### Raw data
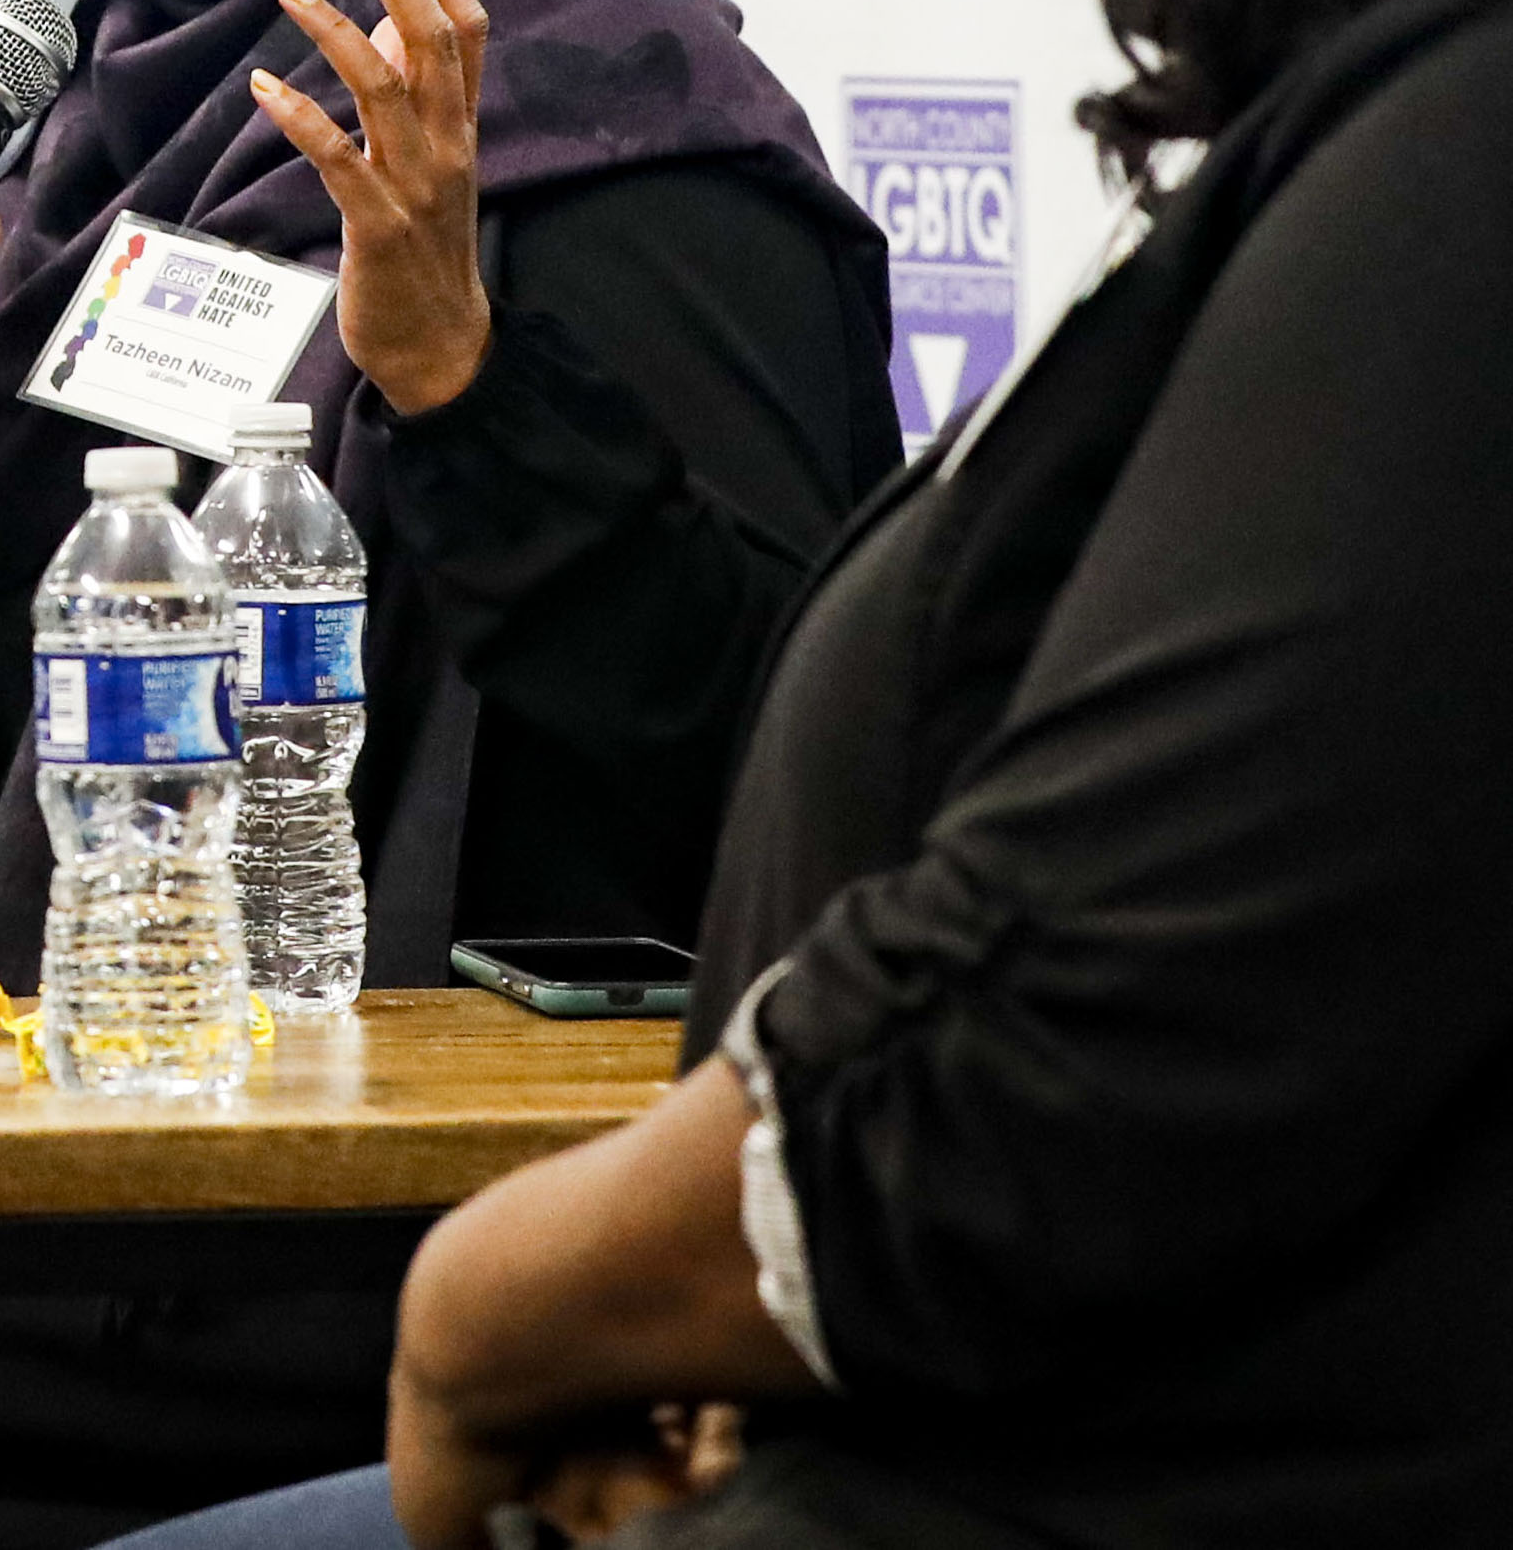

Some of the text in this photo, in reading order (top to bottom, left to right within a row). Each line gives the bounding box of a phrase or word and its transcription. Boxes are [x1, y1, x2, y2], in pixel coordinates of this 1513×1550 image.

[217, 269, 272, 298] UNITED
[197, 304, 236, 328] HATE
[206, 287, 274, 319] AGAINST
[104, 334, 183, 371] Tazheen
[187, 359, 253, 394] Nizam

### Exercise prompt
Apart from the pictures, the entries above are to be repeated in full and exactly.

### Result below
Some of the text in this photo, in reading order (top to bottom, left to right within a row). Each line gives the bounding box of a phrase or word and its transcription. Boxes are [x1, y1, x2, y2], in pixel coordinates of this 1513×1550 image.

[217, 269, 272, 298] UNITED
[197, 304, 236, 328] HATE
[206, 287, 274, 319] AGAINST
[104, 334, 183, 371] Tazheen
[187, 359, 253, 394] Nizam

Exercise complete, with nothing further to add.